→ **Directions**
Every record that follows should be written out word for word; the pictures stay out.

→ **Records provided**
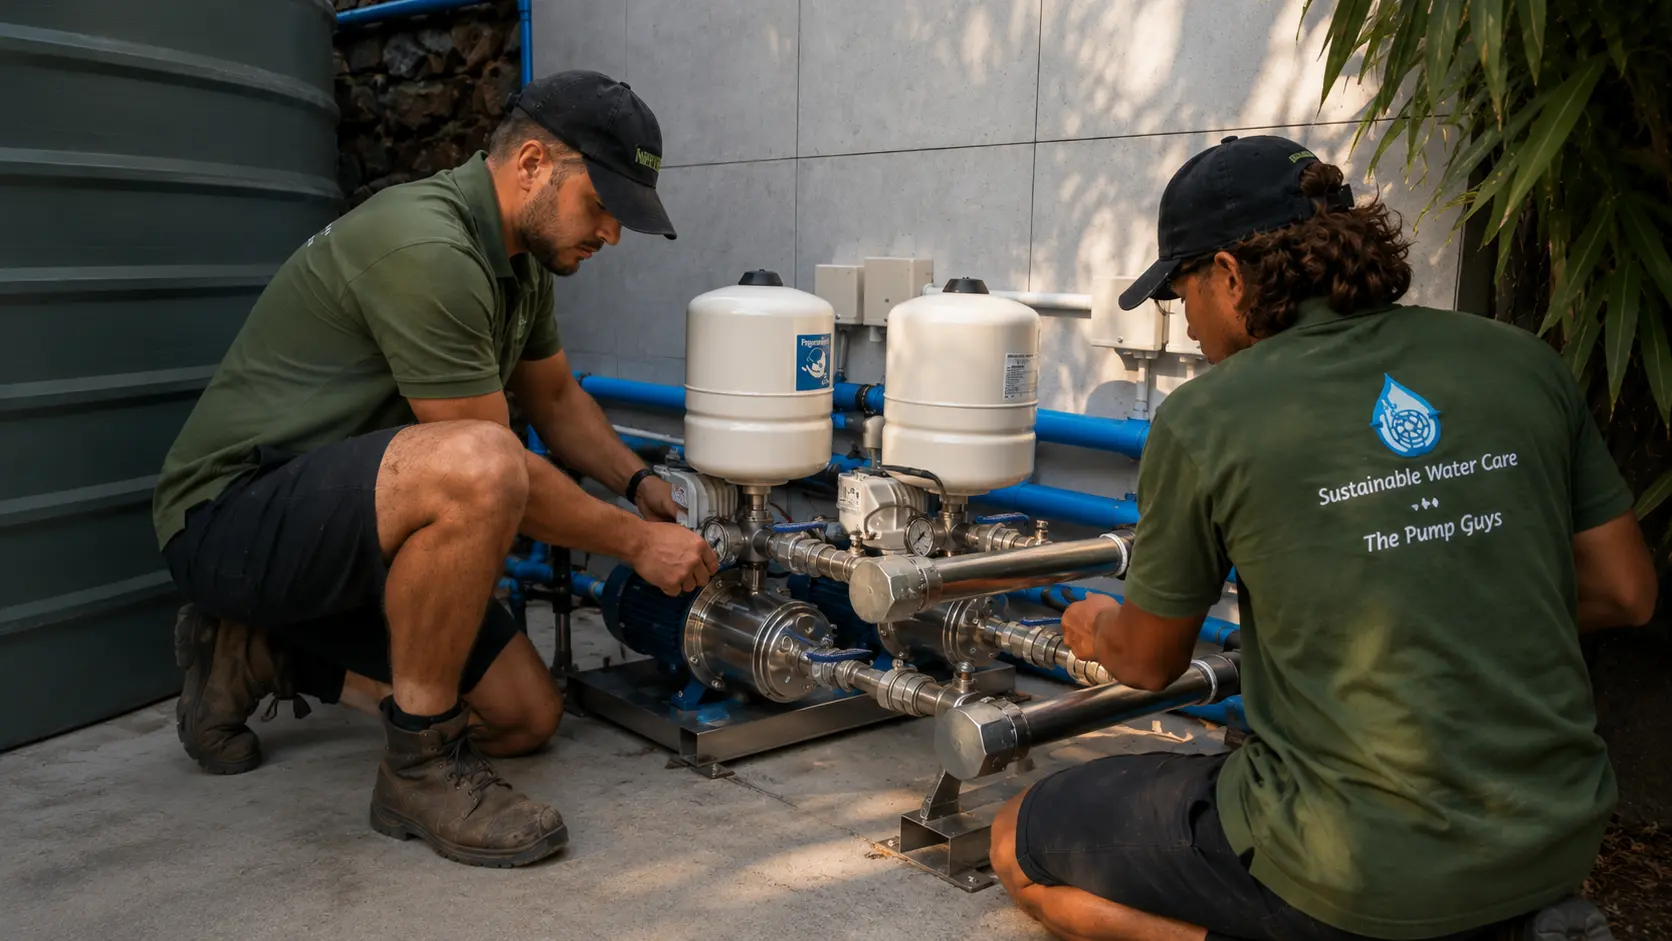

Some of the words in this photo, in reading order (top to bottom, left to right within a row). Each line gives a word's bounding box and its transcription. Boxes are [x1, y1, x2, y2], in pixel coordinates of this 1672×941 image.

[1319, 468, 1422, 506] Sustainable
[1425, 459, 1477, 482] Water
[1481, 452, 1518, 471] Care
[1363, 531, 1399, 552] The
[1404, 521, 1455, 544] Pump
[1460, 512, 1503, 536] Guys
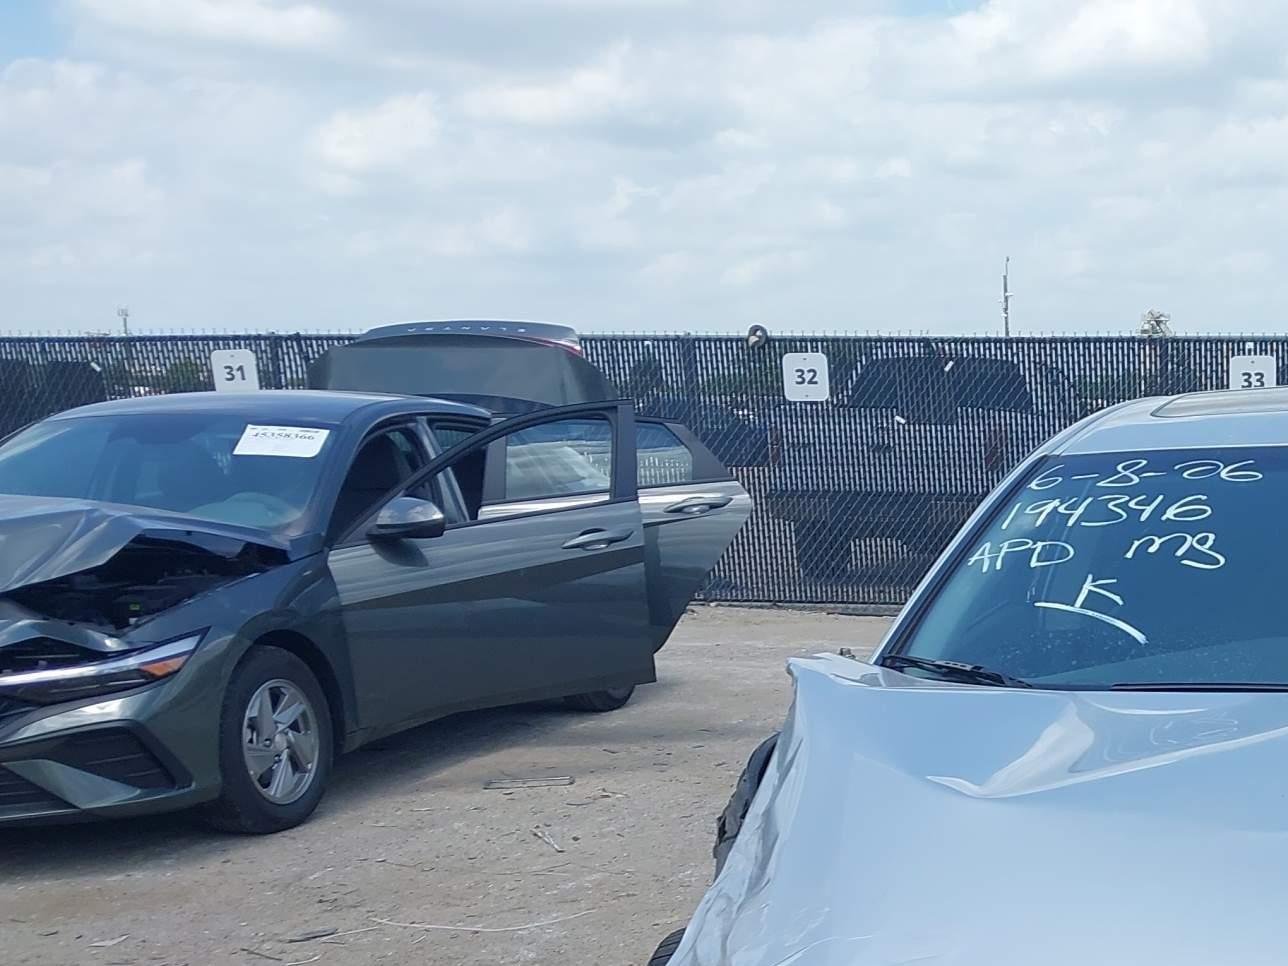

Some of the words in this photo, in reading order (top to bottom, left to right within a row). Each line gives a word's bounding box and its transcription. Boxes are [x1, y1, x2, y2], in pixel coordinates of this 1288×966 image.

[223, 365, 247, 382] 31
[795, 368, 818, 385] 32
[1241, 371, 1265, 388] 33
[1001, 495, 1213, 530] 194346
[967, 538, 1075, 573] APD

→ **Answer space**
Some of the words in this photo, in reading order (top to bottom, left to right within a row). Each line gives a word's bounding box and its transcription. Boxes are [x1, y1, x2, y2], in pixel coordinates of this 1672×941 image.

[1319, 468, 1422, 506] Sustainable
[1425, 459, 1477, 482] Water
[1481, 452, 1518, 471] Care
[1363, 531, 1399, 552] The
[1404, 521, 1455, 544] Pump
[1460, 512, 1503, 536] Guys

Some of the words in this photo, in reading order (top to bottom, left to right within a row). Each line gives a word's bounding box and its transcription. Boxes are [x1, y1, x2, y2], in pixel coordinates of this 1288×966 image.

[223, 365, 247, 382] 31
[795, 368, 818, 385] 32
[1241, 371, 1265, 388] 33
[1001, 495, 1213, 530] 194346
[967, 538, 1075, 573] APD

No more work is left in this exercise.